**Your goal**
Your reply should be a faithful copy of the records below, free of pictures.

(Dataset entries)
::::::::

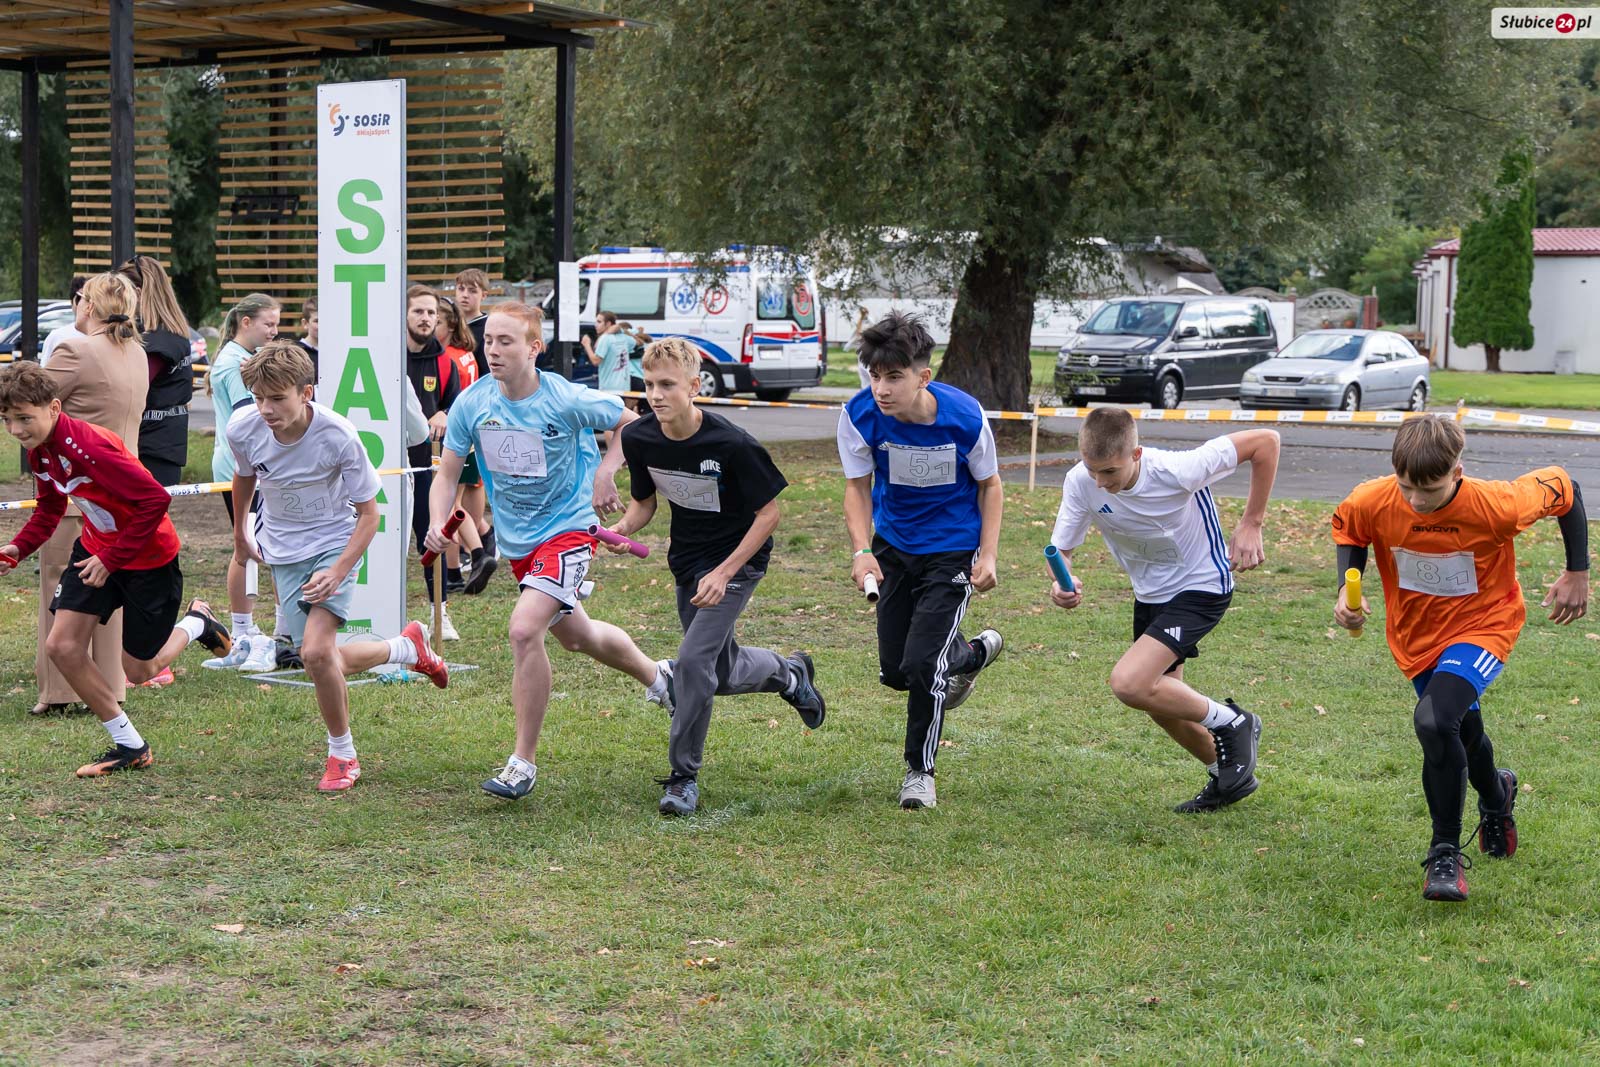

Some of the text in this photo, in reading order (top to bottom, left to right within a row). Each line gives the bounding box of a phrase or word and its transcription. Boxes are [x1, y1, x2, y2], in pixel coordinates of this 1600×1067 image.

[353, 113, 391, 127] SOSiR
[700, 459, 721, 473] NIKE
[1412, 525, 1459, 533] GIVOVA
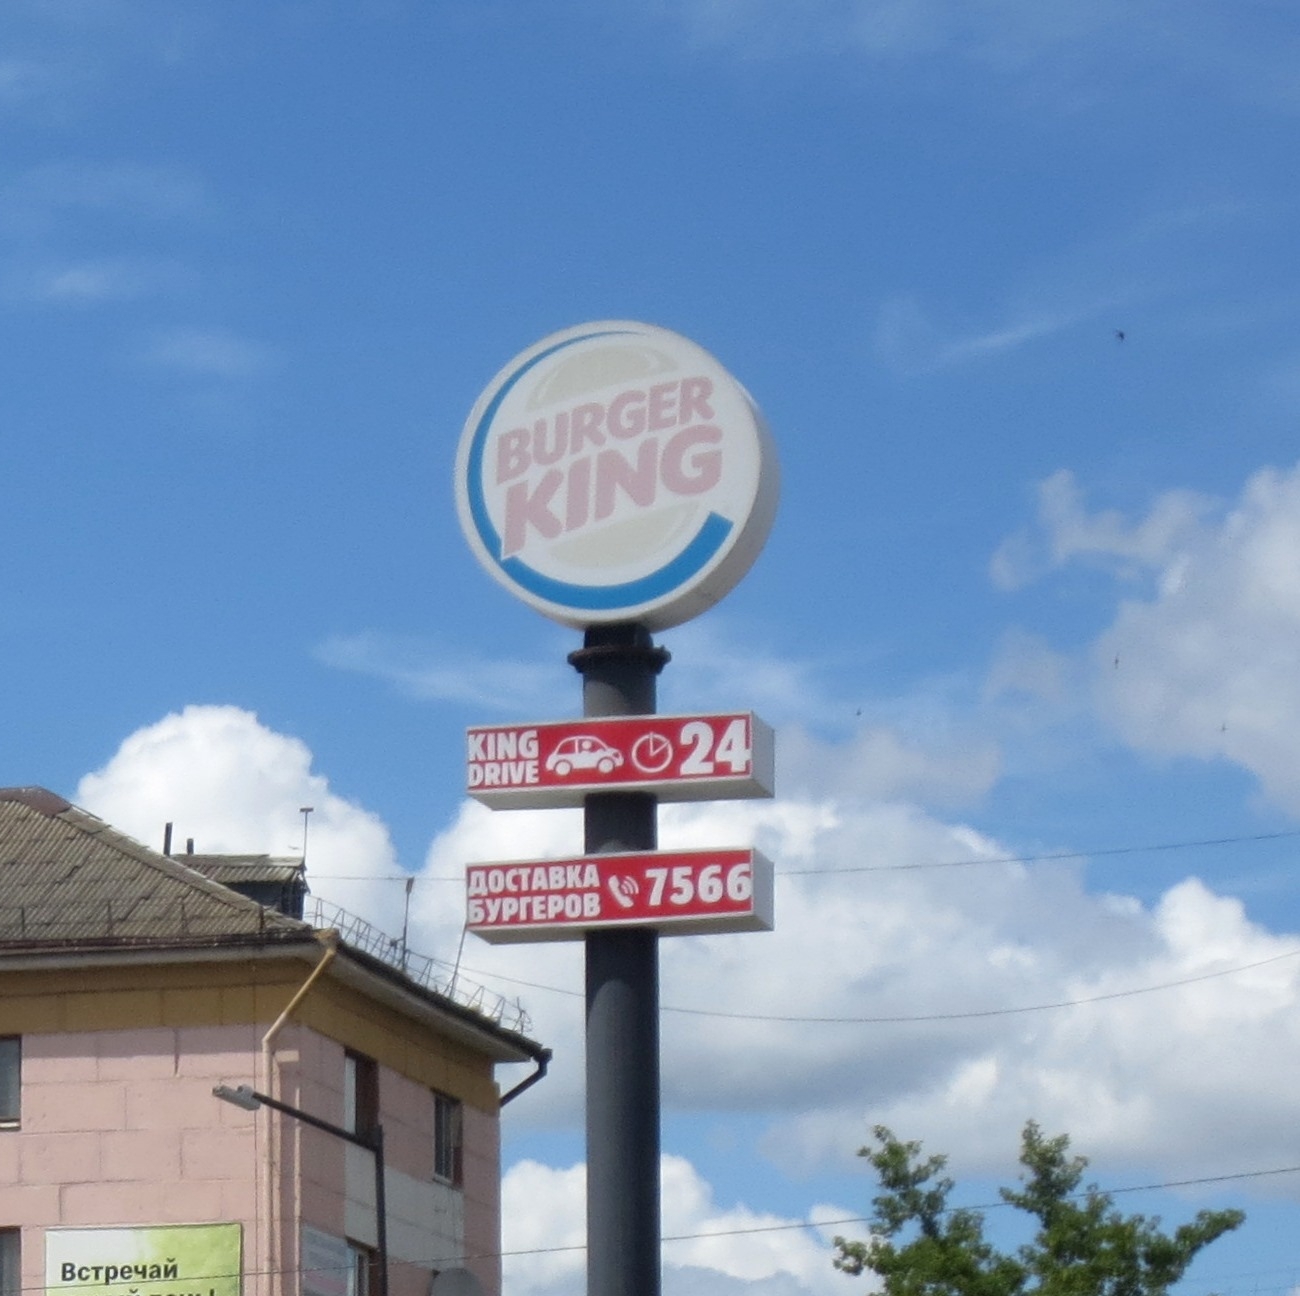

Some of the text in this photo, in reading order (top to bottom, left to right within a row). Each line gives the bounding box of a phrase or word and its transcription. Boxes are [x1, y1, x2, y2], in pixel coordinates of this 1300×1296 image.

[497, 377, 715, 486] BURGER
[504, 424, 723, 557] KING
[468, 719, 751, 776] KING 24
[468, 761, 539, 787] DRIVE
[468, 863, 751, 906] ДОСТАВКА 7566
[468, 893, 600, 924] БУРГЕРОВ
[61, 1258, 178, 1285] Встречай

::::::::

**Exercise result**
Some of the text in this photo, in reading order (top to bottom, left to right within a row). Each line gives the bounding box of a phrase or word and its transcription. Boxes are [x1, y1, x2, y2], in pixel coordinates of this 1600×1067 image.

[353, 113, 391, 127] SOSiR
[700, 459, 721, 473] NIKE
[1412, 525, 1459, 533] GIVOVA

Some of the text in this photo, in reading order (top to bottom, left to right within a row). Each line gives the bounding box of a phrase or word and its transcription. Boxes are [x1, y1, x2, y2], in pixel coordinates of this 1300×1296 image.

[497, 377, 715, 486] BURGER
[504, 424, 723, 557] KING
[468, 719, 751, 776] KING 24
[468, 761, 539, 787] DRIVE
[468, 863, 751, 906] ДОСТАВКА 7566
[468, 893, 600, 924] БУРГЕРОВ
[61, 1258, 178, 1285] Встречай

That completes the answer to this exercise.